In Reddening of the Greens, the theme of movement and migration is carried through the installation of worn suitcases, wooden crutches and birdhouse assemblages made out of salvaged school desks. Explaining the significance of these materials and their multiple readings, Wa Lehulere recalls the journeys of German philosopher Walter Benjamin and South African writer Nat Nakasa, both of whom tragically committed suicide when in exile. Assembled together, the objects convey multiple meanings – the suitcases are representative of journeys but also displacement, while the crutch is interpreted as a means of support but also hindered progress. The incomplete birdhouses made of cut up school desks suggest the symbolic promises of freedom, and the failures of the institutions that govern, police, and educate us.
The installation Conference of the Birds is an assembly of sixteen bird-boxes constructed from salvaged school desks, interspersed with music stands, ceramic dogs, and paper scrolls, and surrounded by chalk boards protruding at angles from the walls. Taking its title from an album by the Dave Holland Quartet, Conference of the Birds is inspired by the 1993 Gatherings Act of South Africa, which allowed a maximum of fifteen protesters to gather without a permit: the sixteenth person makes the protest illegal. In addition to universal references to collectivity, freedom and peace, birds in Southern African folk tales can also allude to symbols of the female sex and gender conflicts, as well as mediators between the spiritual world and the material world. Universal symbols of instruction, the chalkboards are populated with drawings and sketches alluding to crowds of people, depicted as swarming masses of dots, or Xs in sequence. Here and there are portions of text, obliterated and obscured like the rolled up messages strewn about the floor. Through the use of these metaphors, the work speaks to ideas of connectedness, networks and communing. In South Africa, protests – often accompanied by song – are heavily policed. Though they are mass-produced as kitsch household ornaments, the presence of the ceramic Alsatian dogs in the installation is a reminder of ‘police dogs’ and the force of state violence that protesters were often met with during such gatherings.

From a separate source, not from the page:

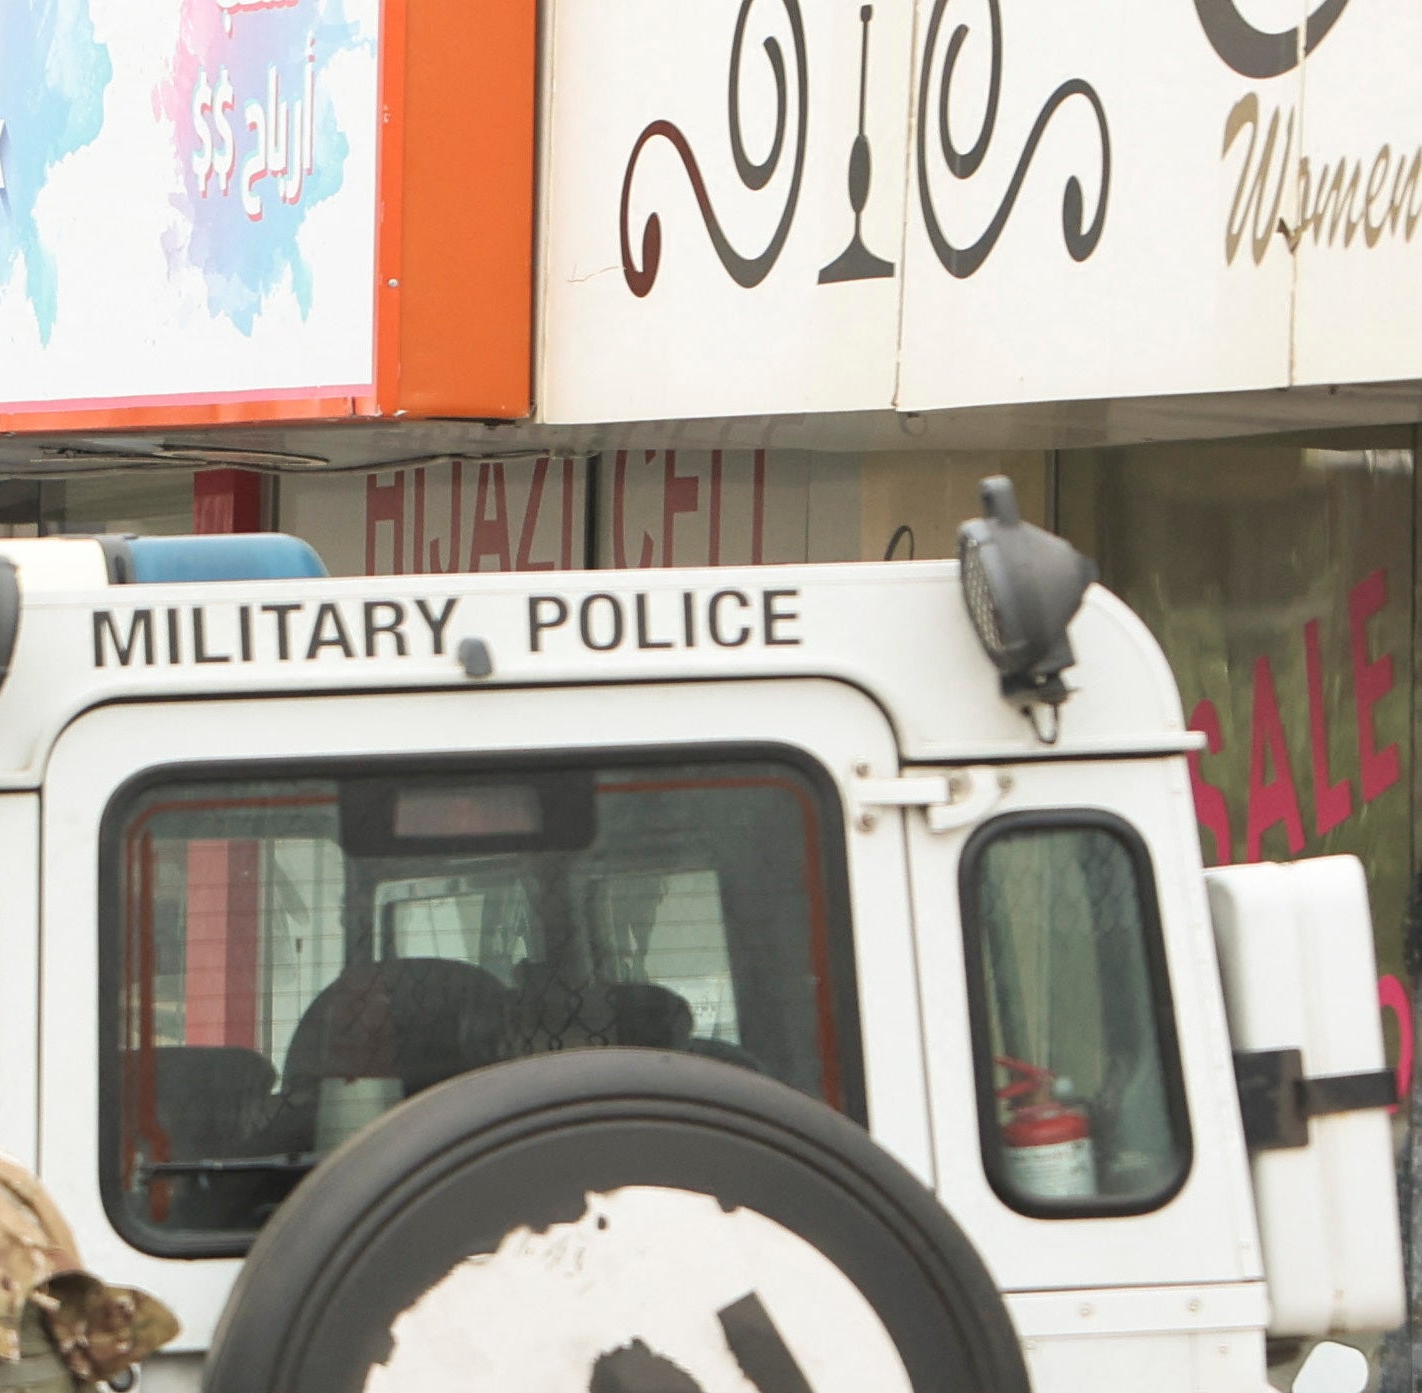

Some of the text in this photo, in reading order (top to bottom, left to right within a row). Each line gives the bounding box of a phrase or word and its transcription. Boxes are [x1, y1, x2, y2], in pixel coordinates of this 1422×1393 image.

[242, 29, 315, 220] أرباح
[92, 588, 804, 668] MILITARY POLICE
[1187, 567, 1402, 866] SALE
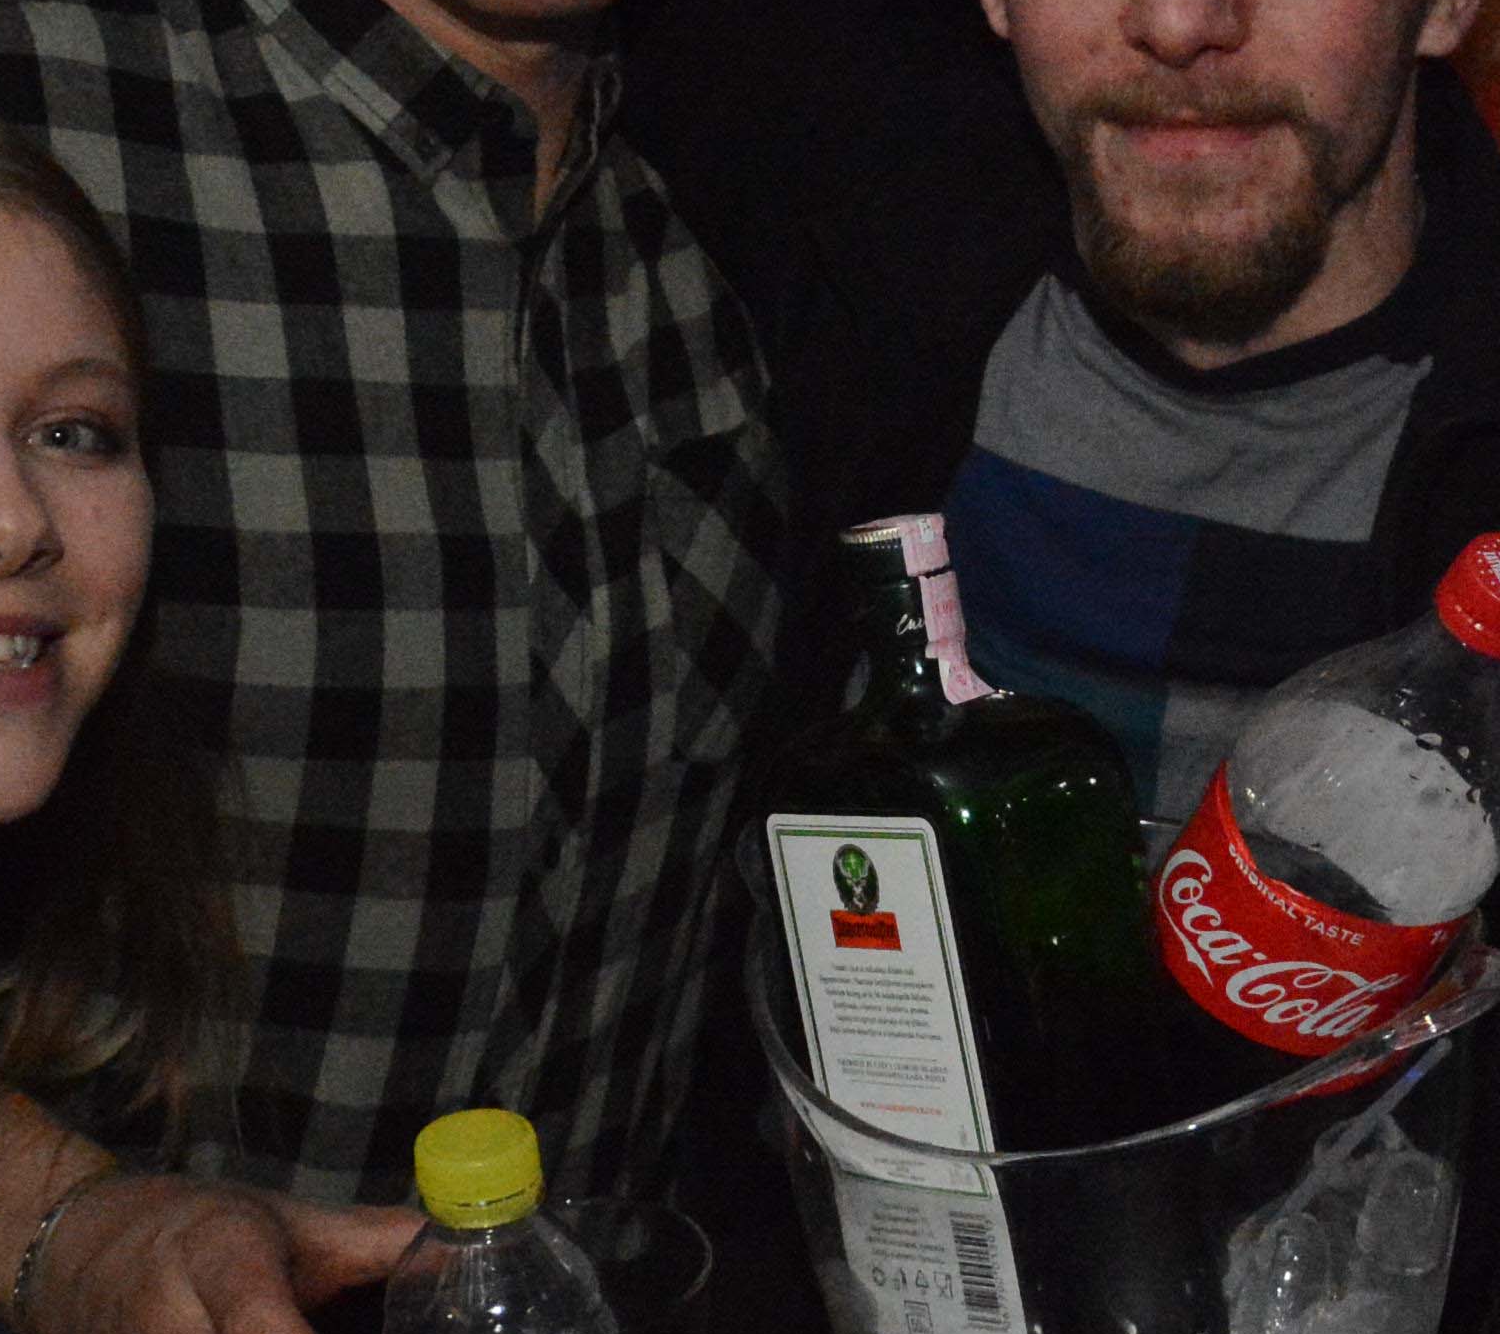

Also included in the exhibition is a letter addressed to the Nobel Peace Prize committee. In it, Wa Lehulere appeals to the institution to retrospectively honour the late author Sol T. Plaatje with the unallocated 1914 award for his monumental work, Native Life in South Africa, which was written in response to the Native Land Act. Although the institution does not award the prize posthumously, Wa Lehulere nevertheless posits the importance of acknowledging Plaatje’s contributions to literature through his chronicling of the Black experience. In doing so, the artist attempts to intervene, or collaborate with time and history by proposing a redress of recognition for Plaatje’s oeuvre.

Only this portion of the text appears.